La ejecutiva está convocada a las 16,30 horas y en ella tienen un puesto una decena de cargos designados por Més; cinco a instancias de Iniciativa, el partido de Oltra, dos de Verds Equo, , dos de Joves, otros dos del colectivo que no representa a ninguno de los tres partidos, entre ellos el alcalde, Joan Ribó, además de seis cargos institucionales: Enric Morera, Carles Mulet, Papi Robles, Xavier Rius, Gerard Fullana y Joan Baldoví. No estará la vicepresidenta Oltra que ha preferido ausentarse porque entiende que se trata de una cuestión política, no personal y considera que es mejor que se hable en la ejecutiva con comodidad.

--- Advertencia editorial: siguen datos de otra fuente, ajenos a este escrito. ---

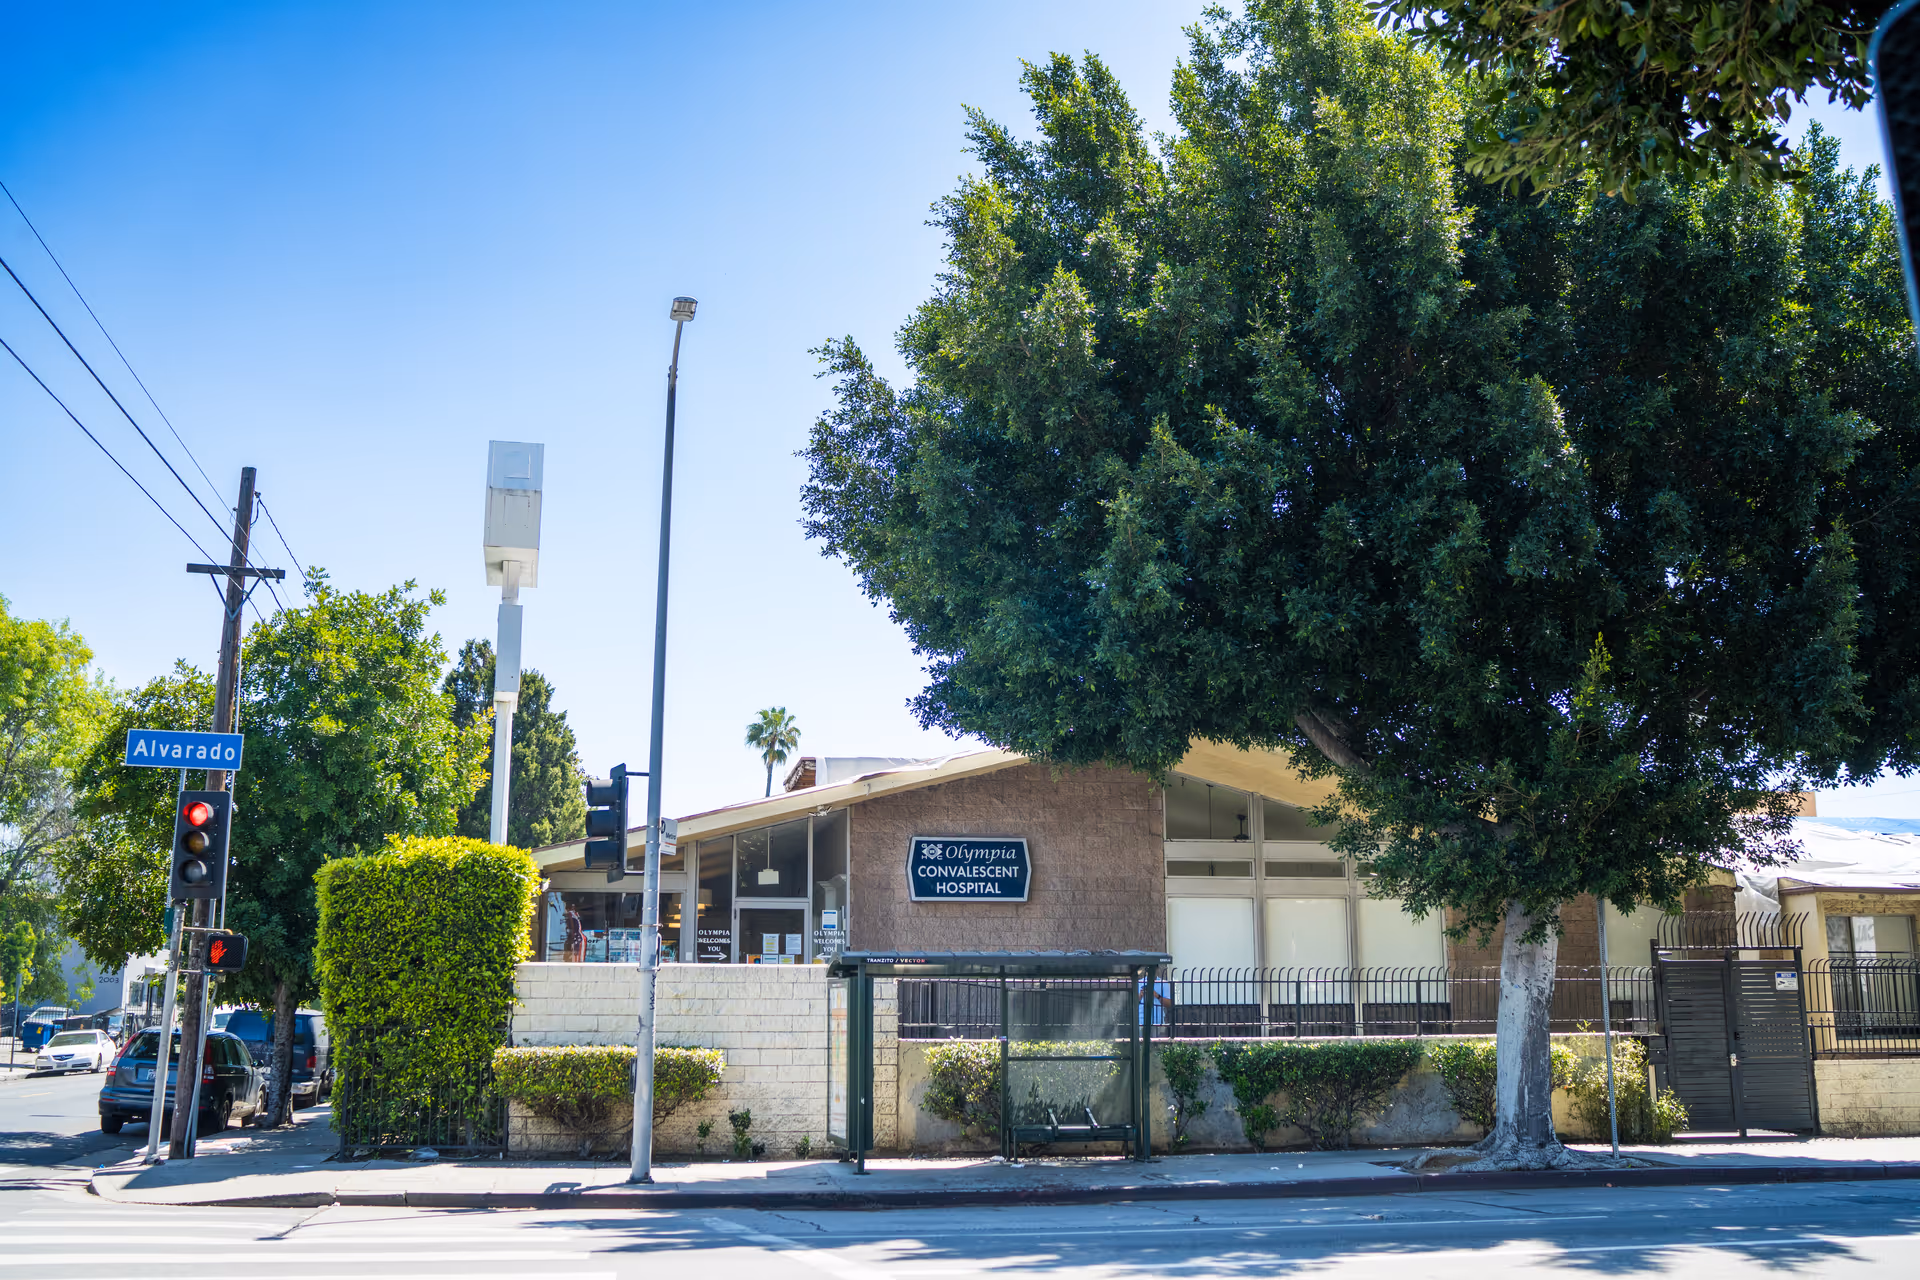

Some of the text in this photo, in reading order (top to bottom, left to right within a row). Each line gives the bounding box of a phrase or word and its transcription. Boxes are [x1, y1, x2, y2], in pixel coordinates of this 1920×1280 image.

Pero la vicepresidenta no ha cambiado su posición respecto al viernes. No tiene intención de dimitir y una renuncia no entra en sus planes, ni siquiera de forma momentánea. Sostiene que no hay nada ilícito ni deshonesto en su actuación como vicepresidenta y consellera de Igualdad y Políticas Inclusivas y ha incorporado a su discurso que está inmersa en una batalla contra la ultraderecha que no puede dejar de librar porque los radicales no pueden ganar. Por una cuestión de ética, estética y política, una cuestión de defensa democrática, dijo el viernes. En la coalición se insiste en el discurso de la cacería política a la vicepresidenta, pero también en la necesidad de adoptar una decisión de carácter colectivo. En el entorno de la vicepresidenta se asegura que la vicepresidenta no va a dimitir.  "Hemos venido a aguantar esta presión y la aguantaremos", ha dicho esta mañana el diputado de Iniciativa, Carles Esteve.

La síndica de Compromís, Papi Robles, ha señalado que no le consta que esta tarde vaya a adoptarse ninguna decisión sobre la vicepresidenta y que en todo caso si se decide alguna cosa lo hará el órgano soberano y que nadie puede marcarle a Compromís los tiempos de sus procesos internos de toma de decisiones.

Respecto a una hipotética destitución de la vicepresidenta por parte del jefe del Consell, Ximo Puig, ha dicho que las decisiones las tomará únicamente la coalición y que los tiempos de Puig son los de Puig y no los del Botànic. "Las decisiones tienen que tomarse de forma consensuada y las decisiones de Compromís son de la propia coalición", ha dicho Robles.

La síndica de Unides Podem, Pilar Lima, ha echado esta mañana balones fuera. Asegura que es una decisión que compete a una fuerza política aliada como es Compromís. Ha dicho que ojalá esta cuestión se resuelva de forma rápida y ha señalado que es solo una hipótesis la posibilidad de una destitución de Oltra por parte del presidente de la Generalitat, Ximo Puig, o la salida de Oltra, por lo que no ha querido asegurar si Unides Podem seguiría en el gobierno en el caso de que Compromís lo abandonara si Puig adopta una decisión unilateral.